Russia-Ukraine War: What Weapons Are The Two Sides Using?
Military experts have credited Ukrainian troops for their "MacGyver" approach to weaponry. In a recent New York Times report, experts cited how forces have implemented technology and equipment in ways that are surprising to even the most experienced marksman.
Some of the most advanced and lethal weapon systems in the world have been sent from the U.S. to the Ukraine. The Ukrainian military has used the weapons in unexpected ways as it looks to gain ground on Russia in a war that is in its sixth month.
"People are using the 'MacGyver' metaphor," Frederick B. Hodges, a former top U.S. Army commander in Europe, told the New York Times, in reference to the 1980s ABC television program. The title character used an array of self-made contraptions to get himself out of predicaments.
Troops have taken to mounting missiles on trucks to gain firing range and putting rocket systems on speedboats to increase their naval capabilities, just to name a few of the ingenuities that the Times cited.
Other weapon tricks include the Neptune, based on the design of an old Soviet anti-ship missile with improved range and electronics mounted onto one or more trucks, which took down Russia's Moskva in the Black Sea. Ukraine has also used Bayraktar TB2 unmanned combat aerial drones and the U.S.-supplied HARM anti-radiation missiles on Soviet-designed MiG-29 fighter jets, a first for any military.

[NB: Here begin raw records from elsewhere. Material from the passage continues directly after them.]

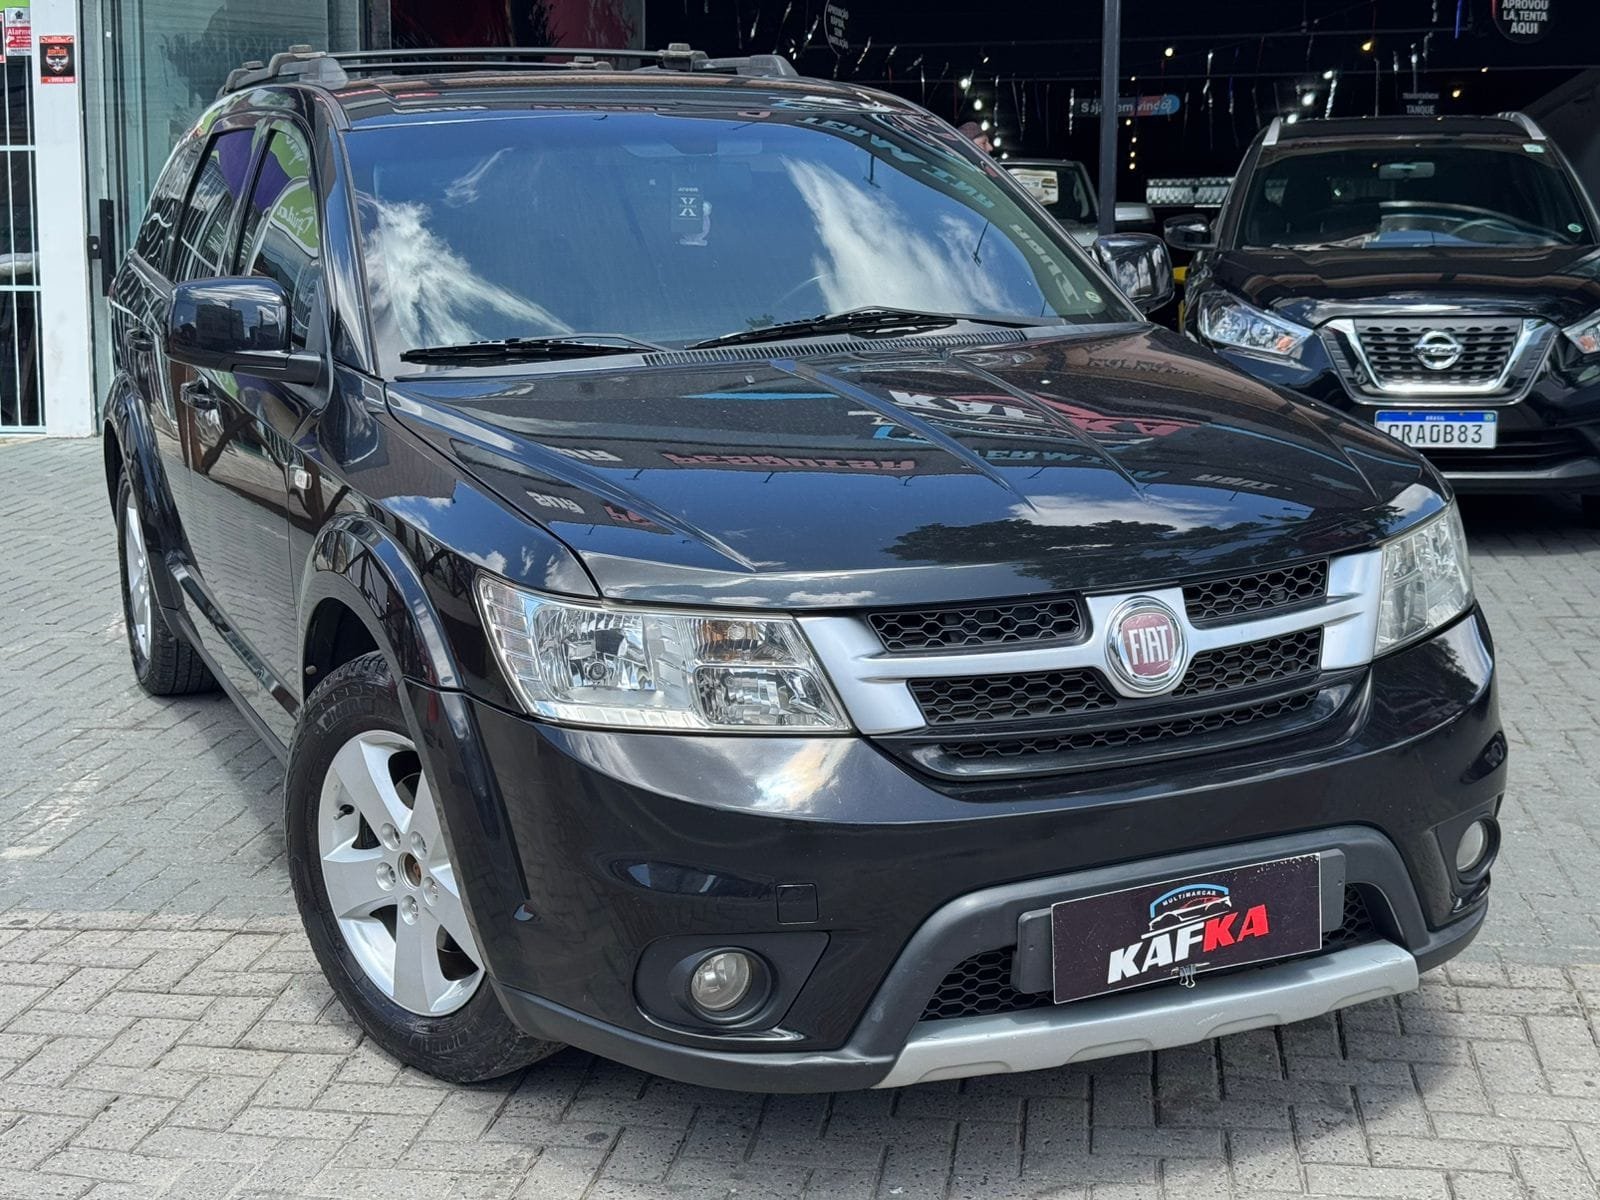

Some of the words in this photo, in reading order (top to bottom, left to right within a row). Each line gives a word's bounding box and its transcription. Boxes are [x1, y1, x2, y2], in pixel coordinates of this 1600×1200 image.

[1502, 0, 1549, 9] APROVOU
[1519, 11, 1548, 21] TENTA
[1510, 22, 1539, 34] AQUI
[1406, 105, 1435, 116] TANQUE
[1128, 625, 1169, 666] FIAT
[1107, 904, 1269, 984] KAFKA
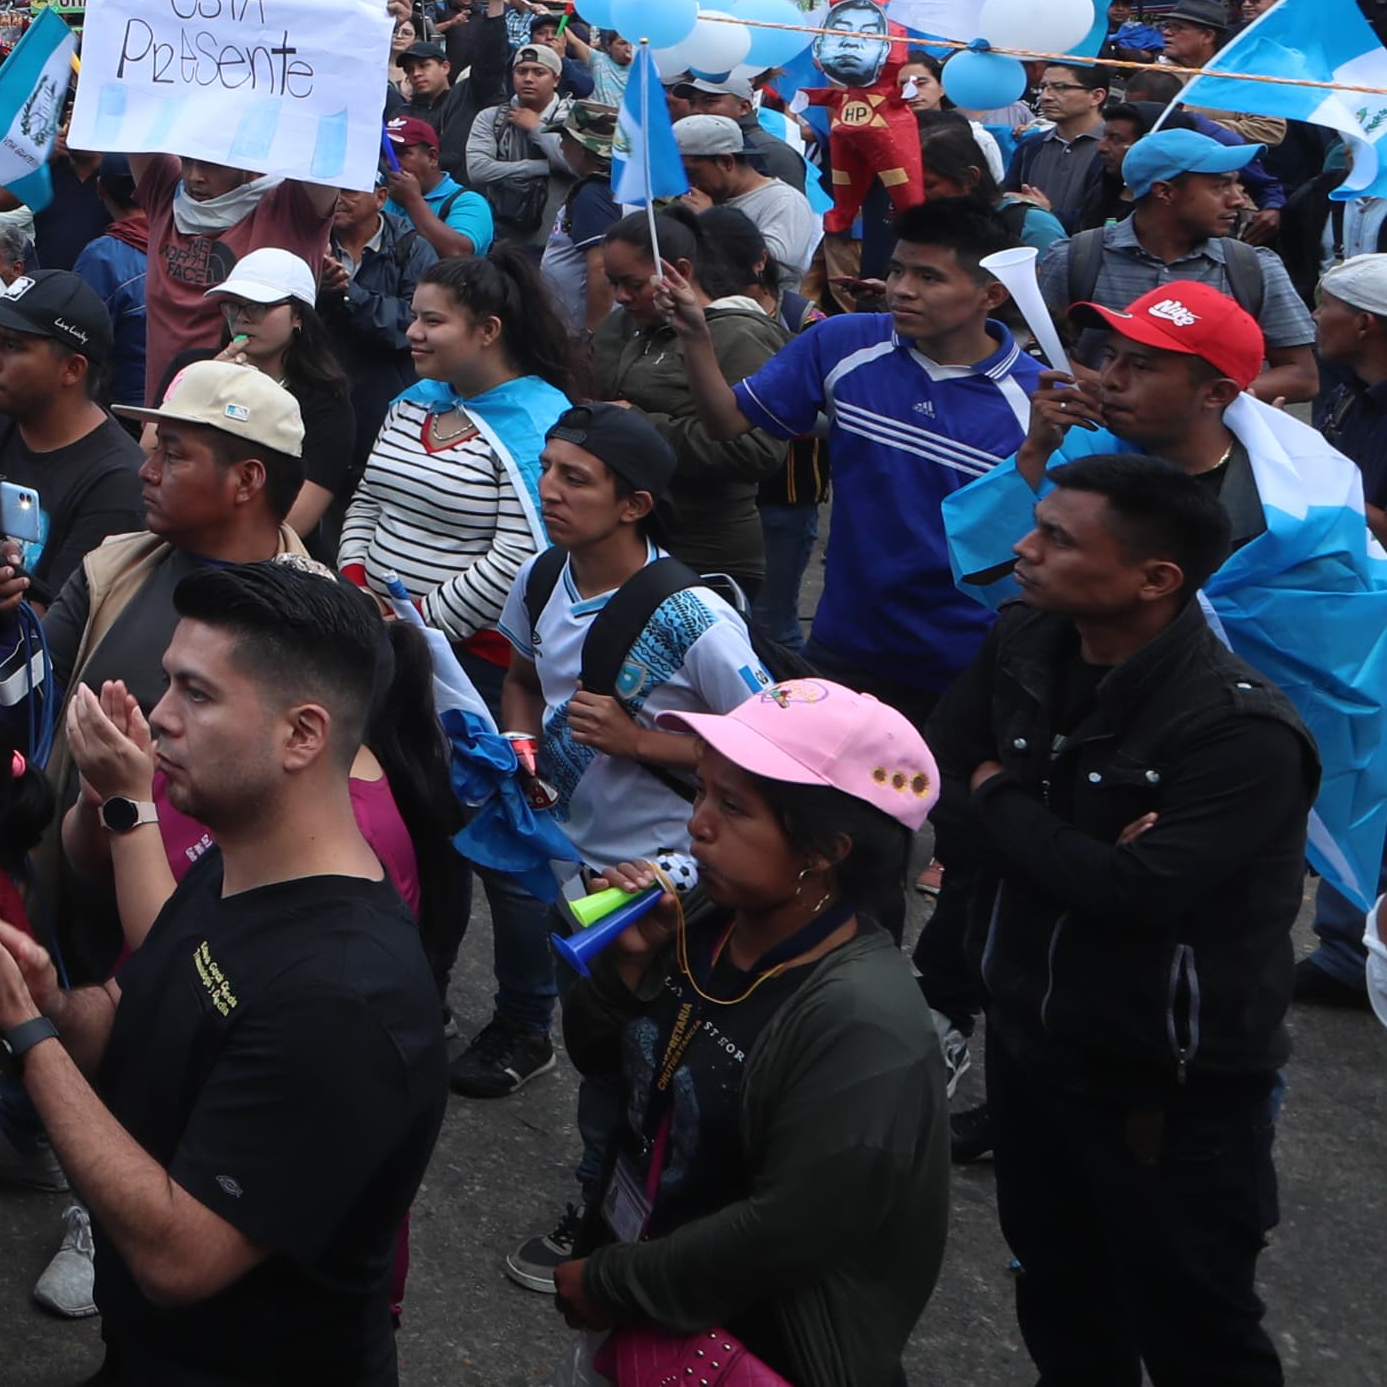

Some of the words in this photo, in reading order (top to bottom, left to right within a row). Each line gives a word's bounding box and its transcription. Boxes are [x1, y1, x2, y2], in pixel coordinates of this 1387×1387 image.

[844, 106, 868, 122] HP
[186, 239, 211, 252] THE
[167, 260, 207, 284] FACE

Other weapons include the older OTR-21 Tochka ballistic missiles, which were used in the first days of the war, according to Reuters. Ukraine also has Cold War-era Russian-made S-300v anti-aircraft missile systems, and it has been supplied with NLAW, an antitank missile system developed with the U.K. and Sweden. There is also the FGM-148 Javelin, a tank destroyer.

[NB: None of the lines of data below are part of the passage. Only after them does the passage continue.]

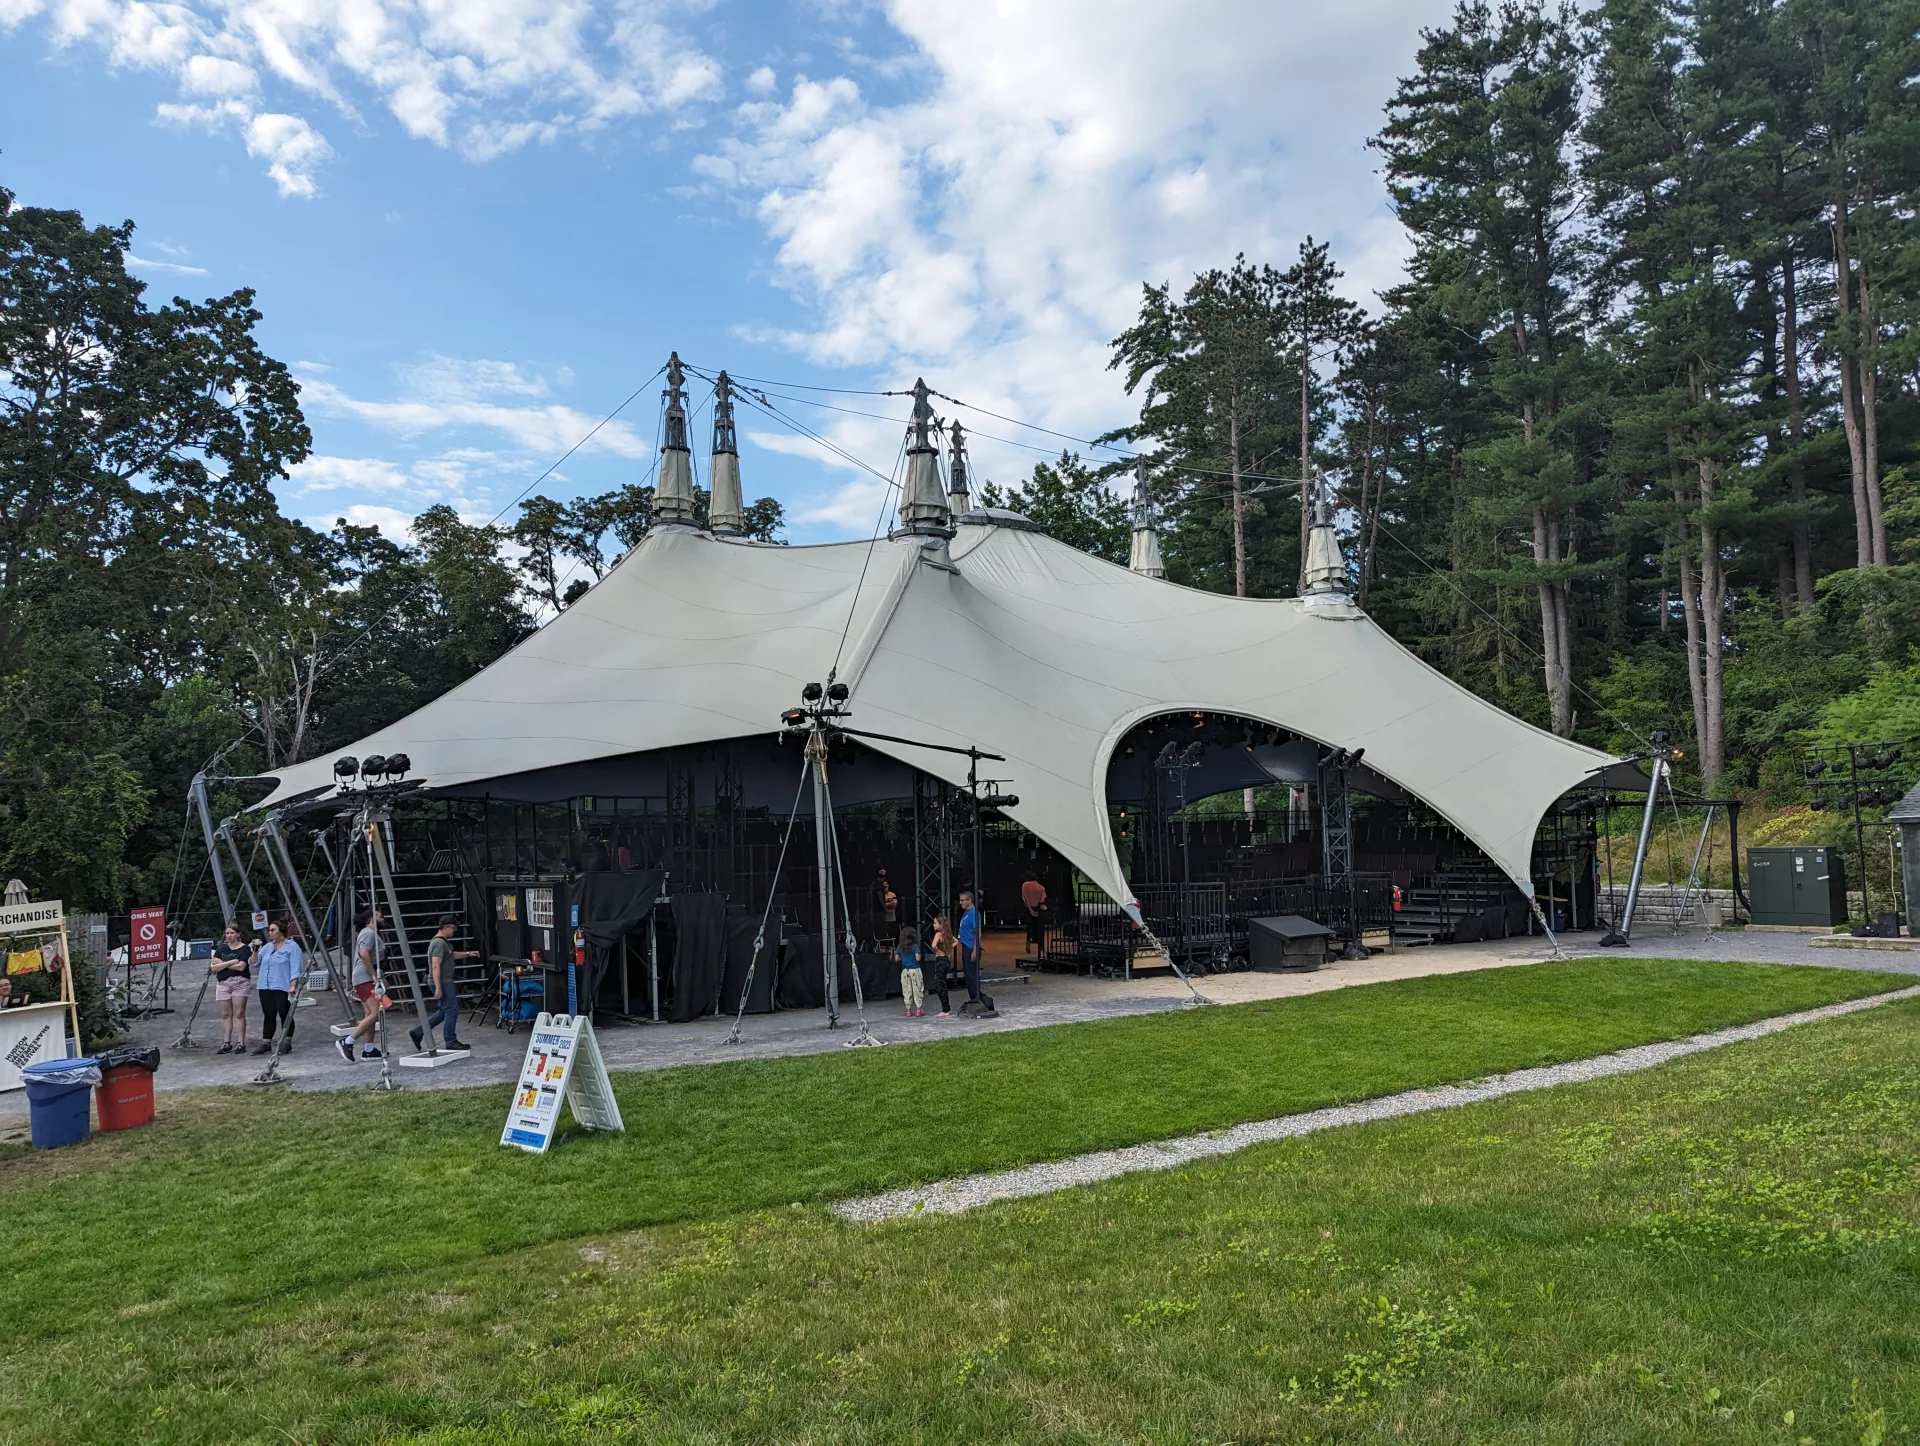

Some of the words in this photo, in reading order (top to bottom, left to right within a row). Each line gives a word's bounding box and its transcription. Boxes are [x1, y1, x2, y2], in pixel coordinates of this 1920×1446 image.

[131, 912, 147, 920] ONE
[136, 951, 160, 960] ENTER
[147, 943, 161, 951] NOT
[5, 1035, 28, 1061] HUDSON
[13, 1024, 51, 1067] SHAKESPEARE
[535, 1033, 560, 1045] SUMMER
[558, 1039, 572, 1050] 2023
[9, 1041, 29, 1063] VALLEY
[17, 1043, 42, 1069] FESTIVAL

Russia started its attacks on Ukraine with a series of targeted missile attacks from land and sea, using cruise missiles and Iskander-M precision short-range ballistic missiles, while Kalibr land-attack cruise missiles were used to hit the cities of Sumy, Poltava, and Mariupol in Ukraine, according to reports.

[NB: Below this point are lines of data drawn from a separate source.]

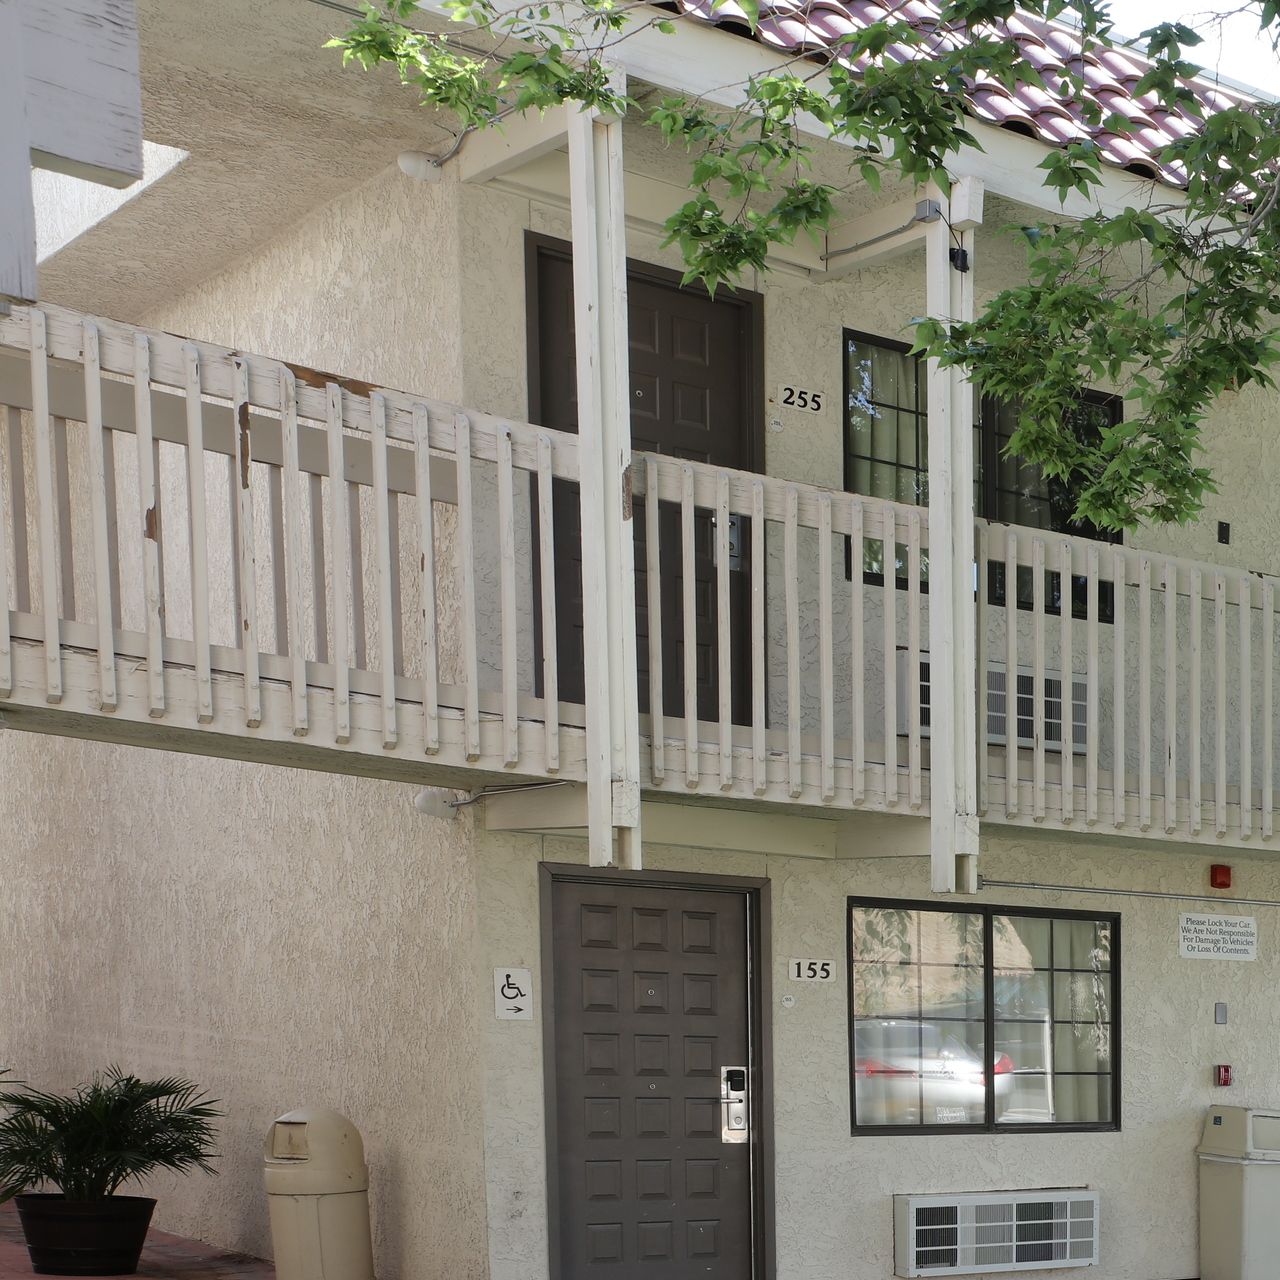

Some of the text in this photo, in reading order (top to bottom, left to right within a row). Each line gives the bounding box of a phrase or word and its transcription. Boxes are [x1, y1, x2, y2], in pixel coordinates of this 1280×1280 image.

[782, 387, 821, 411] 255
[1186, 917, 1207, 926] Please
[1207, 919, 1224, 927] Lock
[1224, 920, 1238, 928] Your
[1181, 926, 1256, 938] We Are Not Responsible
[1183, 935, 1254, 946] For Damage To Vehicles
[1186, 944, 1250, 955] Or Loss Of Contents.
[795, 961, 831, 979] 155

The BM-21 is also one of the multiple launch rocket systems used by the Russians, which can deliver 720 rockets in a single launch, among an array of other weapons, Reuters noted.
The Russian military has been accused of using widely banned cluster munitions, which are deployed as several smaller sub-munitions over a target, in a preschool attack on civilians in Ukraine.
Bellingcat, a nonprofit online journalism collective, documented Russia using the cluster munitions. The weapons have landed not only near schools but also hospitals in the cities of Kharkiv, Odesa and Kherson.
The Russia-Ukraine war has proven to be deadly for both sides. U.S. officials estimate that up to 80,000 Russian troops have been wounded or died, while Ukraine military officials say that they are losing 100 to 200 troops a day.